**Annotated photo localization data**
↓↓↓

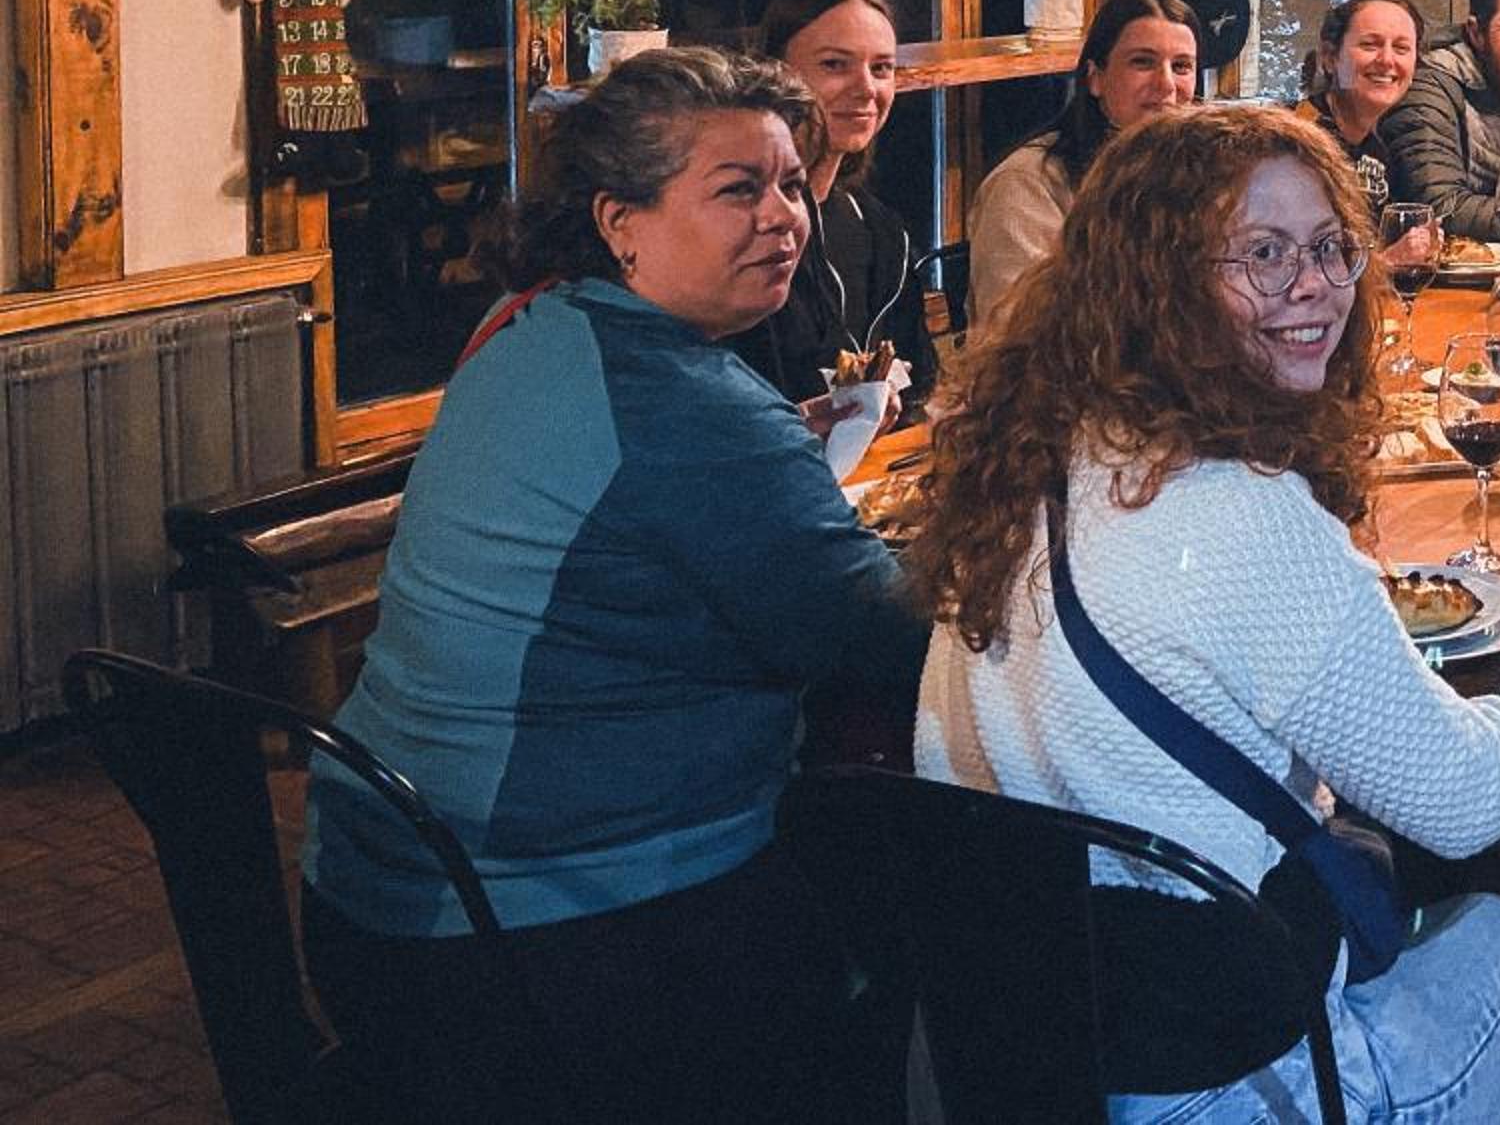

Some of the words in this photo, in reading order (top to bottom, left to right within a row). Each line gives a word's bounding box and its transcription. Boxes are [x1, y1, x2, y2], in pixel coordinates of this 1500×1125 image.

[277, 20, 301, 44] 13
[309, 19, 328, 42] 14
[281, 54, 302, 76] 17
[312, 52, 331, 75] 18
[284, 86, 305, 107] 21
[311, 85, 334, 106] 22
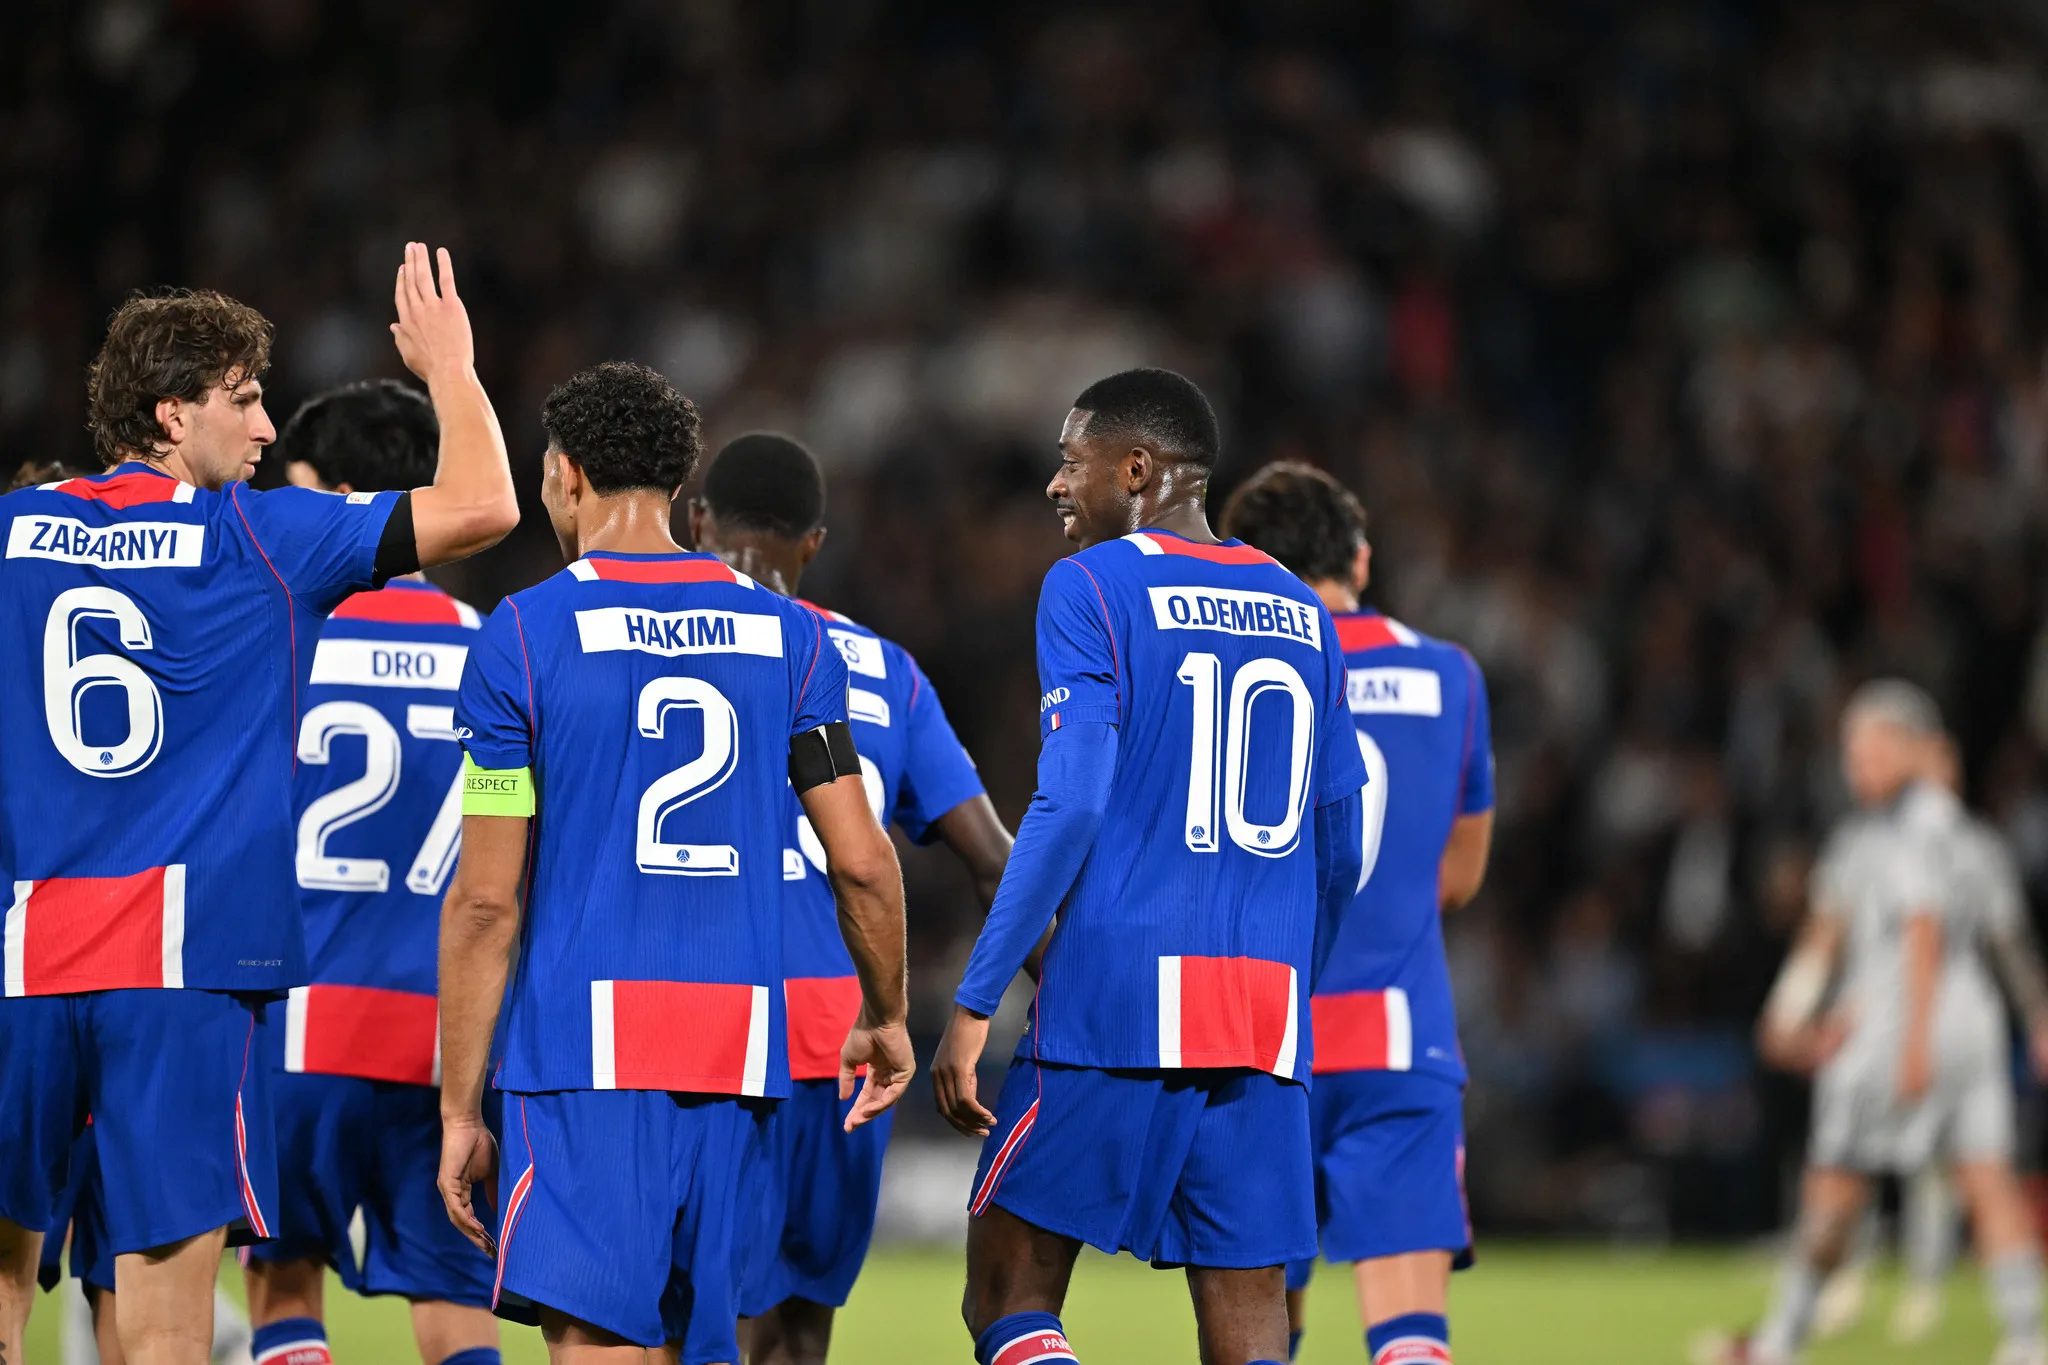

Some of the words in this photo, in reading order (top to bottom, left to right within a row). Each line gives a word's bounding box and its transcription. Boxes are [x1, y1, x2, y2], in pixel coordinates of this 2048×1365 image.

[30, 521, 178, 562] ZABARNYI
[44, 586, 164, 779] 6
[372, 650, 436, 679] DRO
[625, 613, 736, 650] HAKIMI
[295, 700, 465, 896] 27
[466, 778, 519, 792] RESPECT
[636, 676, 739, 878] 2
[1176, 652, 1316, 859] 10

↑↑↑

**What you are asked to do**
The whole of the data above needs retyping exactly, with pictures omitted.

**Exercise result**
Some of the words in this photo, in reading order (top to bottom, left to right within a row). Each line gives a word's bounding box and its transcription. Boxes are [x1, y1, x2, y2], in pixel coordinates of this 1500×1125 image.

[277, 20, 301, 44] 13
[309, 19, 328, 42] 14
[281, 54, 302, 76] 17
[312, 52, 331, 75] 18
[284, 86, 305, 107] 21
[311, 85, 334, 106] 22

Some of the words in this photo, in reading order (top to bottom, left to right within a row). Each line gives a word's bounding box and its transcription. Boxes are [x1, y1, x2, y2], in pixel coordinates of this 2048×1365 image.

[30, 521, 178, 562] ZABARNYI
[44, 586, 164, 779] 6
[372, 650, 436, 679] DRO
[625, 613, 736, 650] HAKIMI
[295, 700, 465, 896] 27
[466, 778, 519, 792] RESPECT
[636, 676, 739, 878] 2
[1176, 652, 1316, 859] 10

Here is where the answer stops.